The average debt of U.S. college students increased by more than 100 percent in just over a decade, nearly three times faster than the rate of inflation in the Boulder-Denver area, according to a report released by the Colorado Public Interest Research Group on Thursday.
The report compared the changes in national student debt between 1993 and 2004 with the Front Range’s Consumer Price Index, a measure of the cost of living that looks at how prices of goods have changed.
National student debt rose 107 percent over that period, while general cost of living in the Denver-Boulder area rose 38 percent.
CoPIRG made the comparison to draw attention to what it says is a growing problem: student loans that are out of control.
“It’s really just kind of striking to see (debt is) increasing at three times the rate of inflation,” said CoPIRG campaign director Cory Nadler.
Forty-six percent of students graduated with debt in 1993, compared with 66 percent of students in 2004, the report said.
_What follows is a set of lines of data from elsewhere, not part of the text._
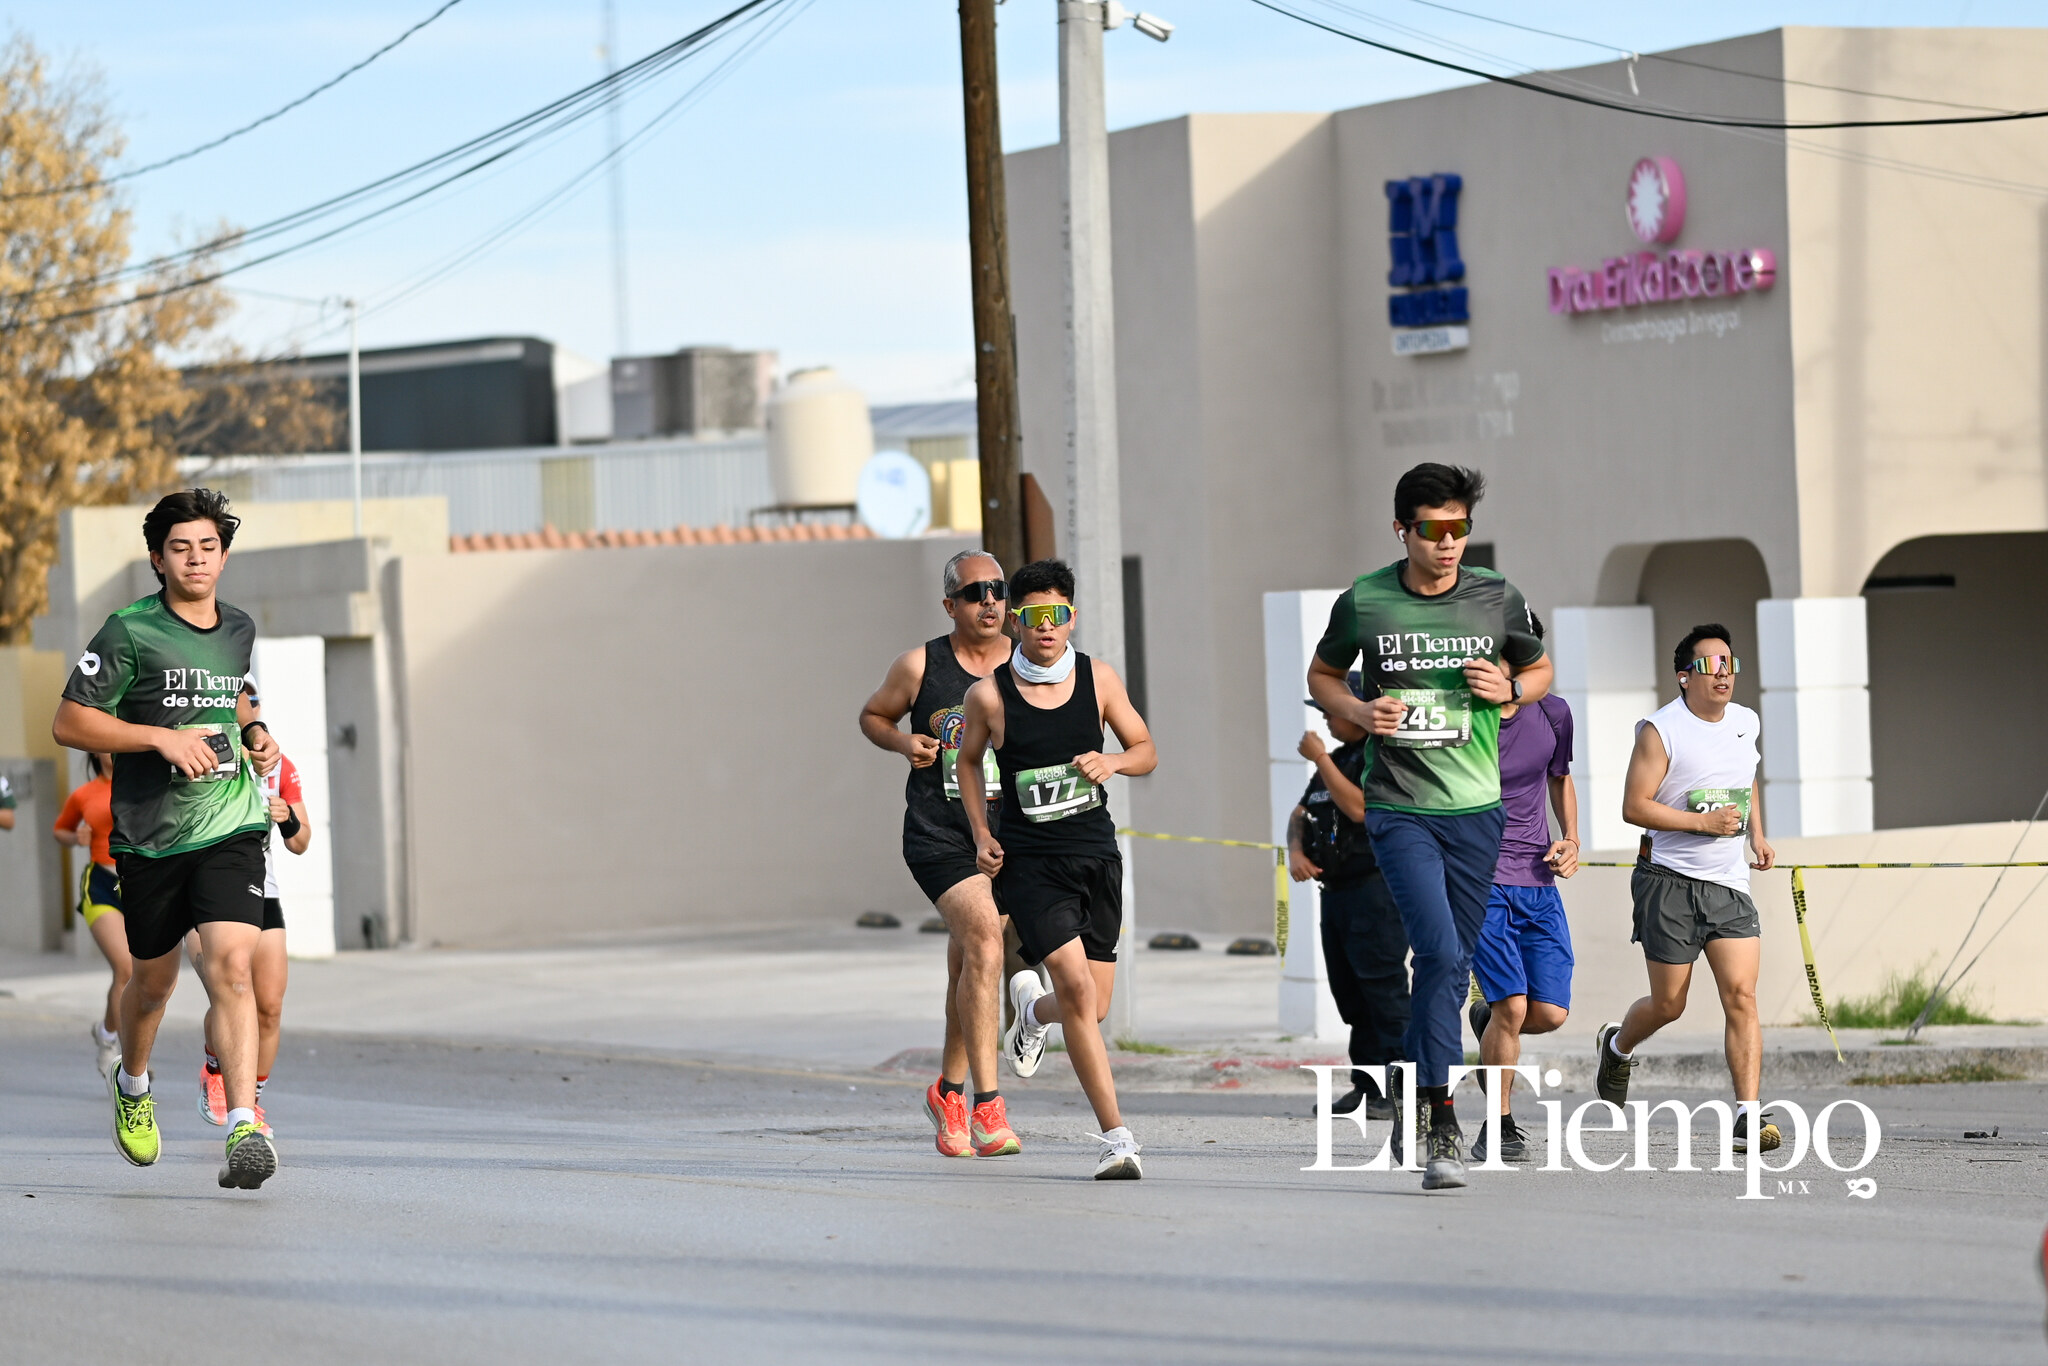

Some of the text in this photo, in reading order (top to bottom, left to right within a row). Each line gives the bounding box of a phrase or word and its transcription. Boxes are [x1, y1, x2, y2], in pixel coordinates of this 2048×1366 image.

[1376, 632, 1493, 657] El Tiempo
[1381, 658, 1407, 673] de
[163, 668, 245, 697] El Tiemp
[162, 693, 237, 709] de todos
[1461, 701, 1470, 741] MEDALLA
[1028, 776, 1079, 806] 177
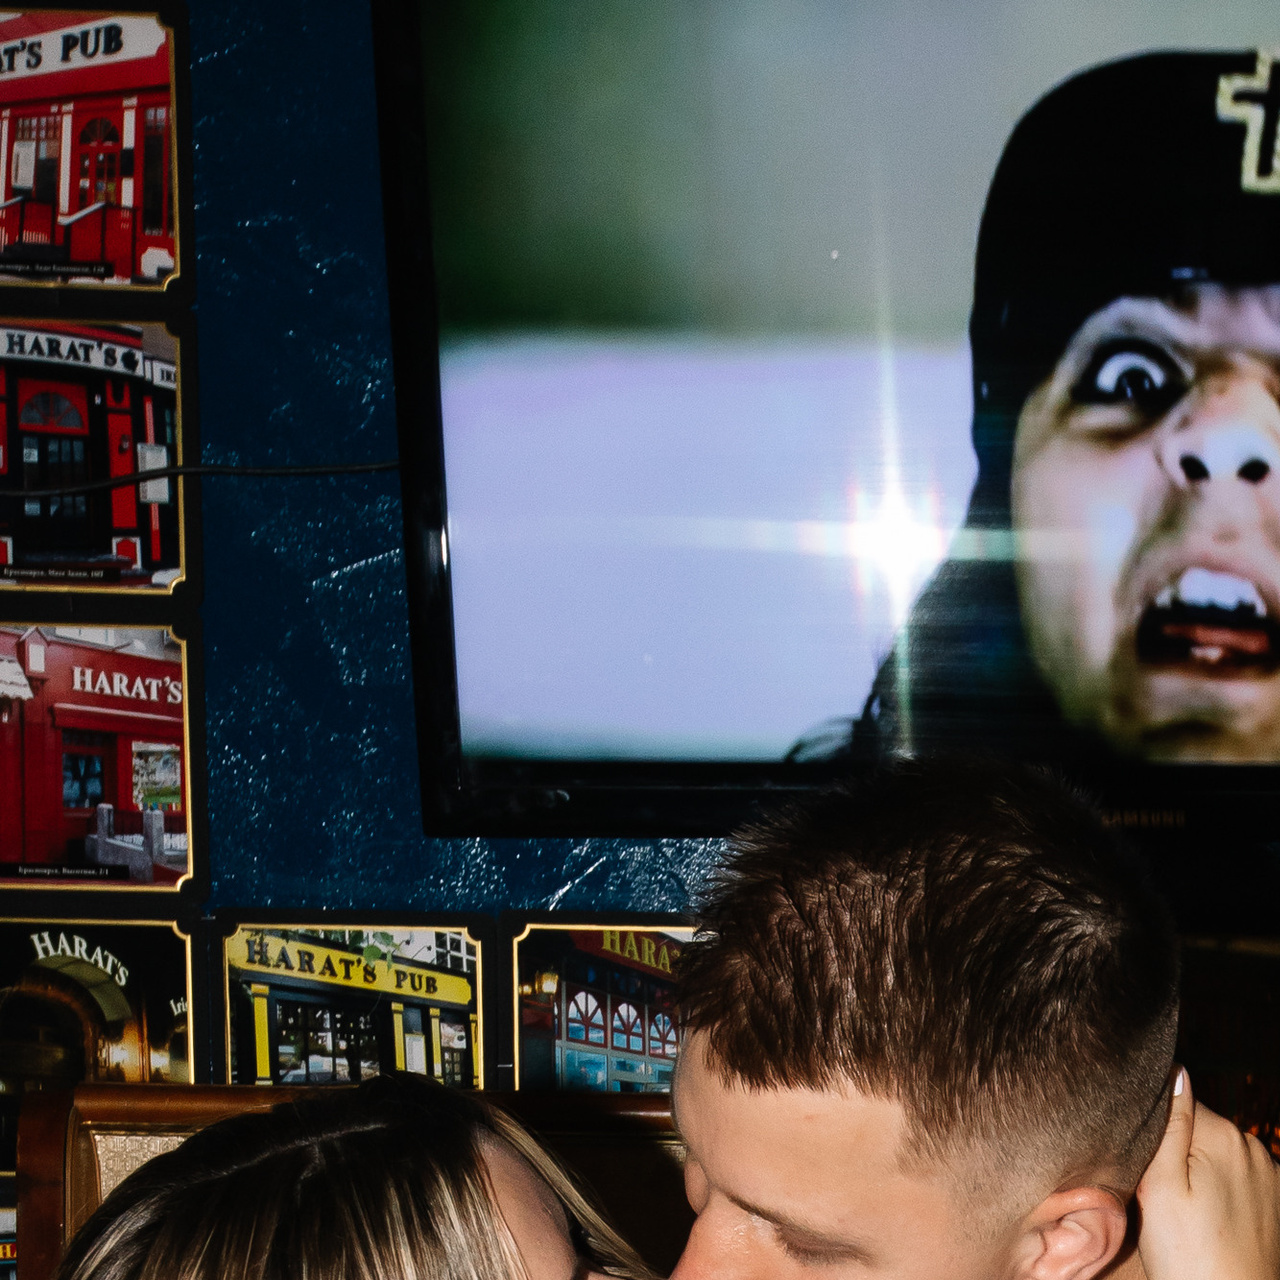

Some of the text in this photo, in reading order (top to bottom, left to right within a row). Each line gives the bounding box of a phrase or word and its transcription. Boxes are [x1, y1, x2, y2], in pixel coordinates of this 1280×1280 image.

[0, 23, 123, 73] T'S PUB
[6, 332, 118, 367] HARAT'S
[72, 666, 183, 704] HARAT'S
[30, 931, 129, 987] HARAT'S
[246, 938, 438, 995] HARAT'S PUB
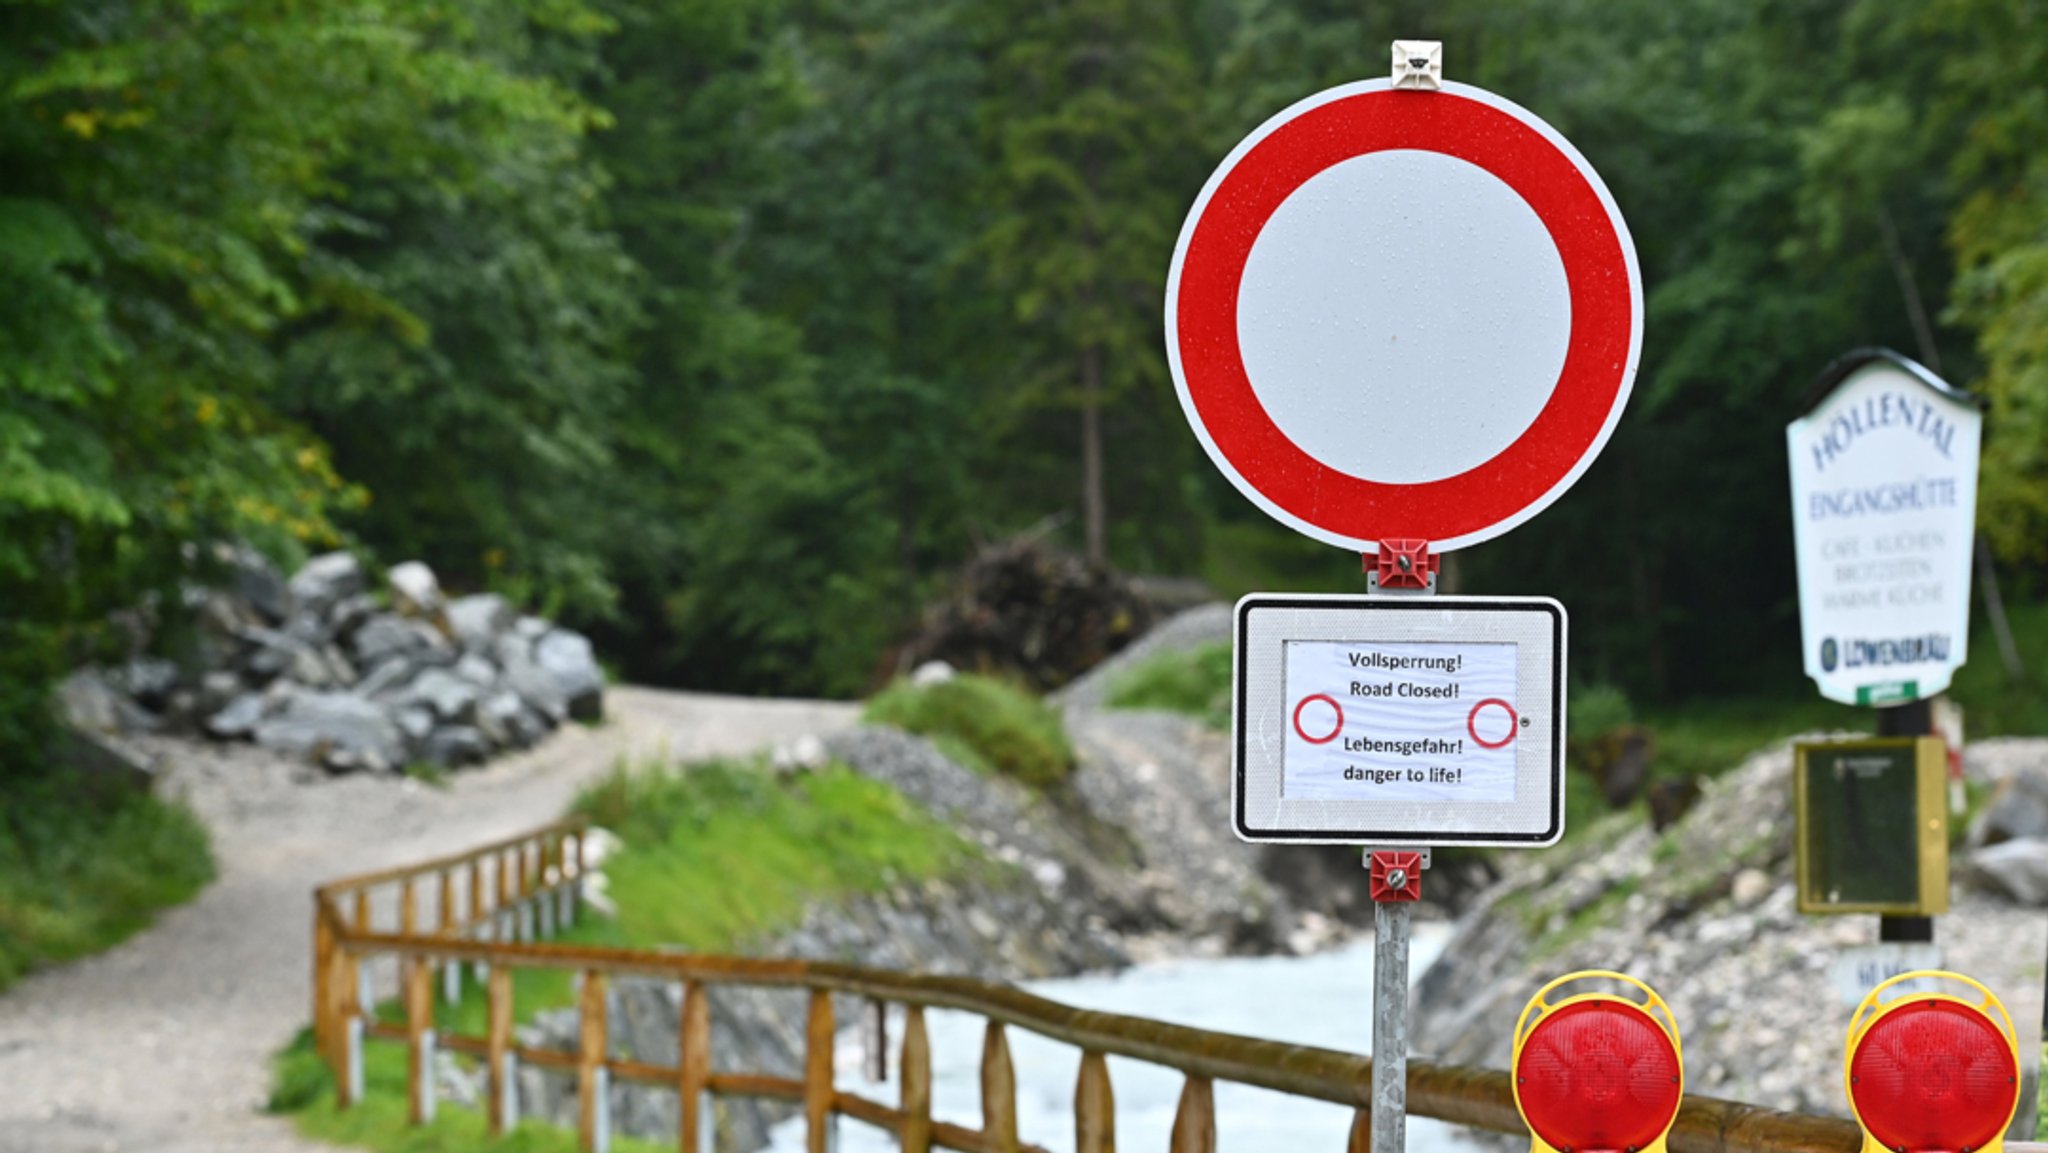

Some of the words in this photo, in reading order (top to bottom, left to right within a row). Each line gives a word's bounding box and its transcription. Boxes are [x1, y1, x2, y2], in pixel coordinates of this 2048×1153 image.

[1811, 391, 1955, 472] HÖLLENTAL
[1809, 475, 1956, 521] EINGANGSHÜTTE
[1348, 652, 1462, 673] Vollsperrung!
[1350, 681, 1393, 697] Road
[1397, 682, 1460, 698] Closed!
[1344, 737, 1463, 756] Lebensgefahr!
[1343, 765, 1402, 784] danger
[1407, 769, 1424, 782] to
[1429, 768, 1462, 783] life!
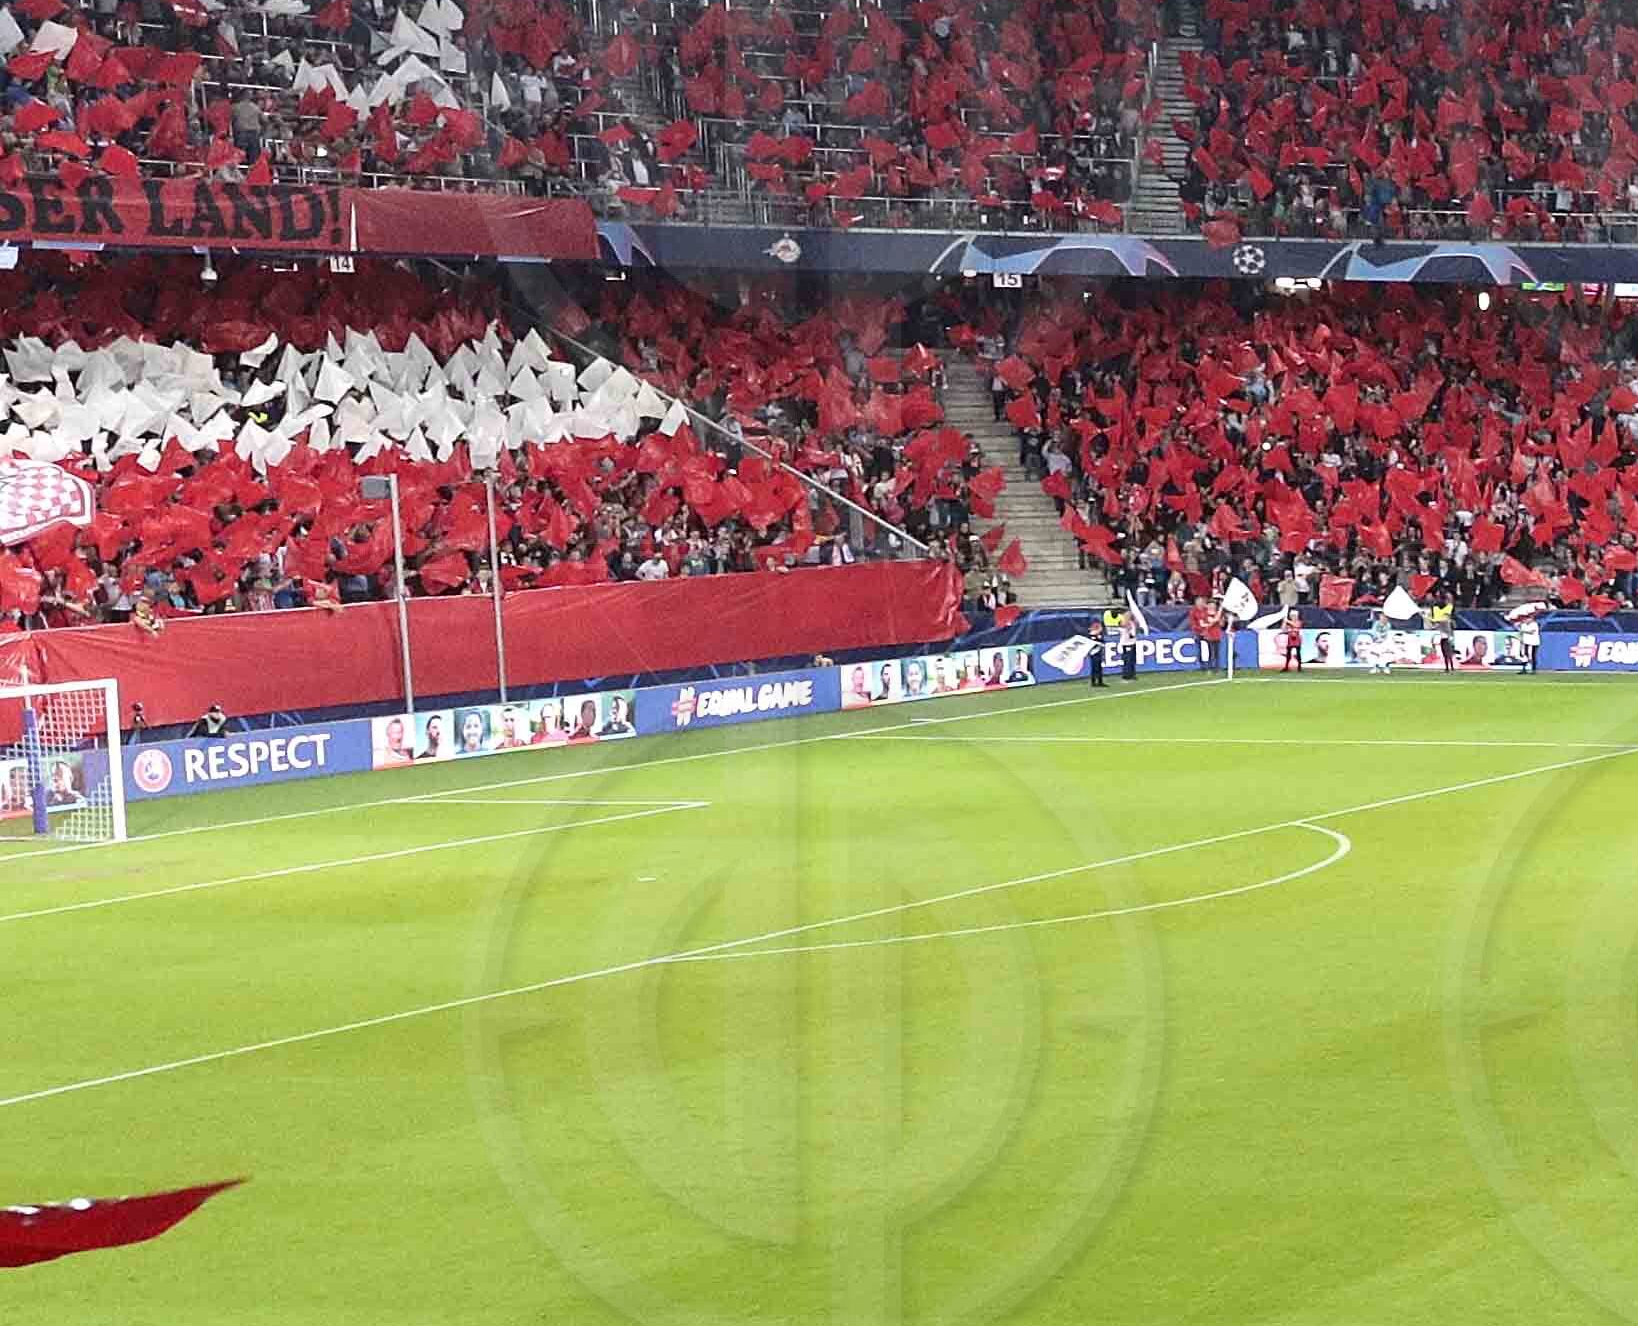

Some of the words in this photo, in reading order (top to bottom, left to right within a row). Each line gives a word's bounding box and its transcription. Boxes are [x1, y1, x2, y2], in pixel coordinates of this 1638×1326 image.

At the same time, the amount of debt each student was carrying grew, from just over $9,200 in 1993, to $19,210 in 2004.
Boulder resident Jeremy Neufeld, 26, graduated from Grinnell College in Iowa in 2001, and still has to pay back about $20,000 in loans. His debt keeps him from buying a home or starting a family, he said.
“I’ve been out of college for five years now, and the debt that I have is still a factor in the decisions I make every day,” Neufeld said. “A lot of people are shackled by the fact that they still have other expenses hanging over them.”
Nadler said the CoPIRG report is part of a national campaign to build momentum for more need-based aid, borrower protections and initiatives to keep college tuition down.